Today when you catch a salmon, and you are preparing it for eating or preserving, if you break the spine you will find a white membrane inside.  That
is Ols Man Rattlesnake who gave life back to the salmon.

We did not know all this by ourselves; we were told it by our fathers and grandfathers, who learned it from their fathers and grandfathers.  No one
knows when the Great Chief Above will overturn the mountains.

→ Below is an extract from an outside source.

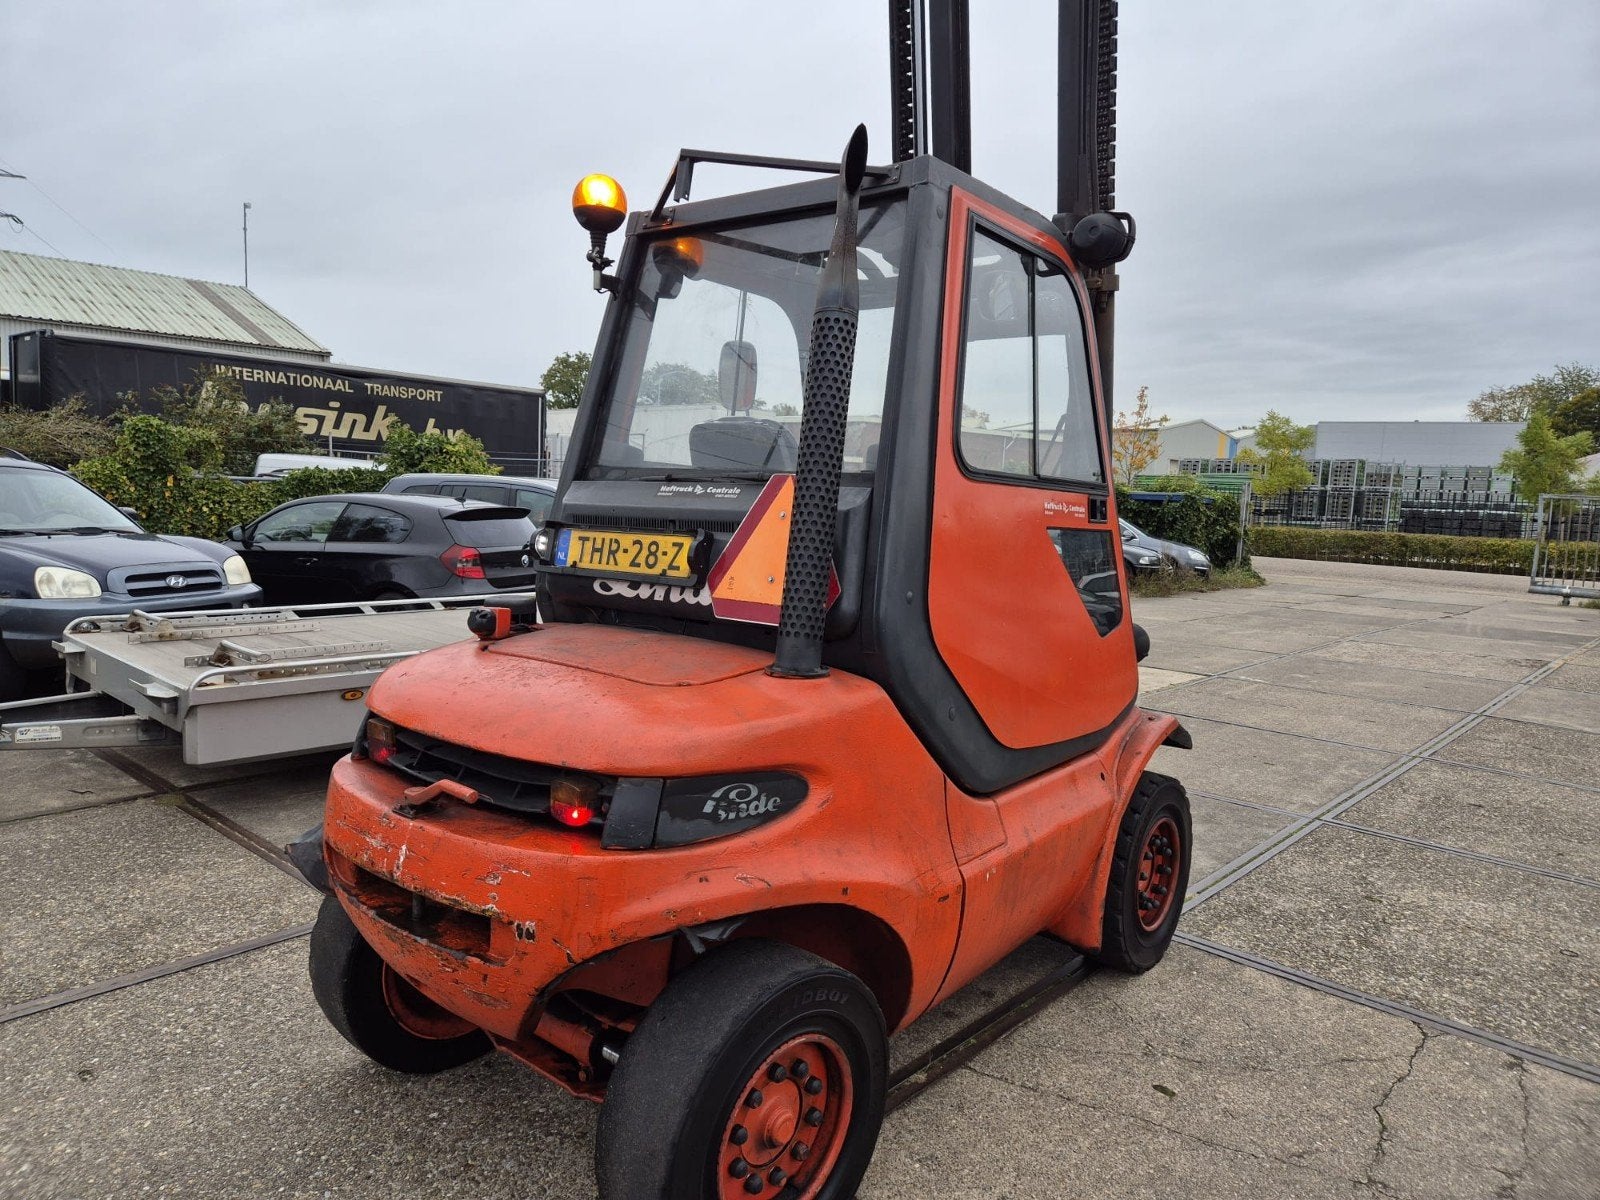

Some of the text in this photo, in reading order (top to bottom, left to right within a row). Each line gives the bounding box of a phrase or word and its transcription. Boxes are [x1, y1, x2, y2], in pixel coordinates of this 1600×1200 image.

[215, 364, 443, 402] INTERNATIONAAL TRANSPORT
[706, 486, 741, 494] Centrale
[557, 551, 566, 560] NL
[577, 535, 684, 571] THR-28-Z

But we do know this:  the spirits will return only to the remains of people who in life kept the beliefs of their grandfathers.  Only their bones will be
preserved under the mountains.
Tsi - Laan (Deep Water)

A Yakima Legend
Once there was more than enough game, plants, and fish of every kind for the people to eat.  But they took their wealth for granted and were rude to
Spilyay (coyote) when he offered them more food.  Consequently they lost almost everything they had.  This is the story I will tell you...

There was a time that coyote was going around telling the animal world that there was going to be a change.  He told them, "We are going to be
reduced in power.  There are others coming who are going to be rulers over all of us, and over all this country."  coyote was talking about the new
people, the people with two legs -people we now call Native Americans.

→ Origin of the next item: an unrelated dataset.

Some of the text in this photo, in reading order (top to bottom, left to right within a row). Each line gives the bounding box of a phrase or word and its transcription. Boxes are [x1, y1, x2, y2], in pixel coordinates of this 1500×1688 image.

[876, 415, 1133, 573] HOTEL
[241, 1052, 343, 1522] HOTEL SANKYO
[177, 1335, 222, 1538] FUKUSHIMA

So he began to prepare.  One day, coyote came up the Columbia River to the Chelan River.  He looked it over and felt there was something he should do
here.  He asked his "power" what he should do (the power or counselors were his five sisters which he carried around inside of him).  The sisters told
him that there were no fish in the Chelan River that he should fix it so the fish could swim up the river.  At that time the Chelan River was too swift and
the salmon could not go up the river.

Coyote decided to build steps with rocks for the salmon to swim up the river.  He widened a narrow gorge for them to swim through.  He made a deep
pool under the falls so the salmon could rest up before they swam up the river.

And that is not all the coyote did!  When he came up to Mud Flats, he found that the river was too shallow, so he built a high rocky cliff and a rapids and
made another little pool for the fish to rest.  Coyote was very busy.  He traveled to many places, fixing streams and rivers so that the salmon could
come and spawn.  He did this for the new people.

But one day while coyote was working on a place called Dry Lake, he left his canoe on the shore.  He had seen a pretty girl living with the new people.  
He told the people, "I want the most beautiful princess you have in your village and I'll fix up a lot of places where you can catch many fish.  I'll even
make places where you can dry your own fish."  But the people told him, "We don't need your fish.  We will not give you our prettiest girl.  We have
enough game here to live on.  We have mountain goats, mountain lion, game birds, quail, grouse and turtle doves and we have bear and deer.  We
don't need your fish."

Coyote (who was known for having a very bad temper, as well as being a trickster), grew angry.  He had worked very hard to make places for the
salmon to live so that the new people would have fresh fish to eat.  So he started back and began destroying everything that he had created.  He
destroyed all of the fishing sites, drove all the fish from the spawning grounds, and he made the water holes dry up.  He left his canoe in the Chelan
River, but so that no one would get any use out of it, he turned it into stone (there is a cliff there now).  He took back everything that was worthwhile.

Now most of the lakes have only small fish.  Coyote said, "They can have a few minnows, but there will never be any more big fish."  This is why many
places in North Central Washington are withour Salmon.  The only way to get fish in many lakes is by planting them there.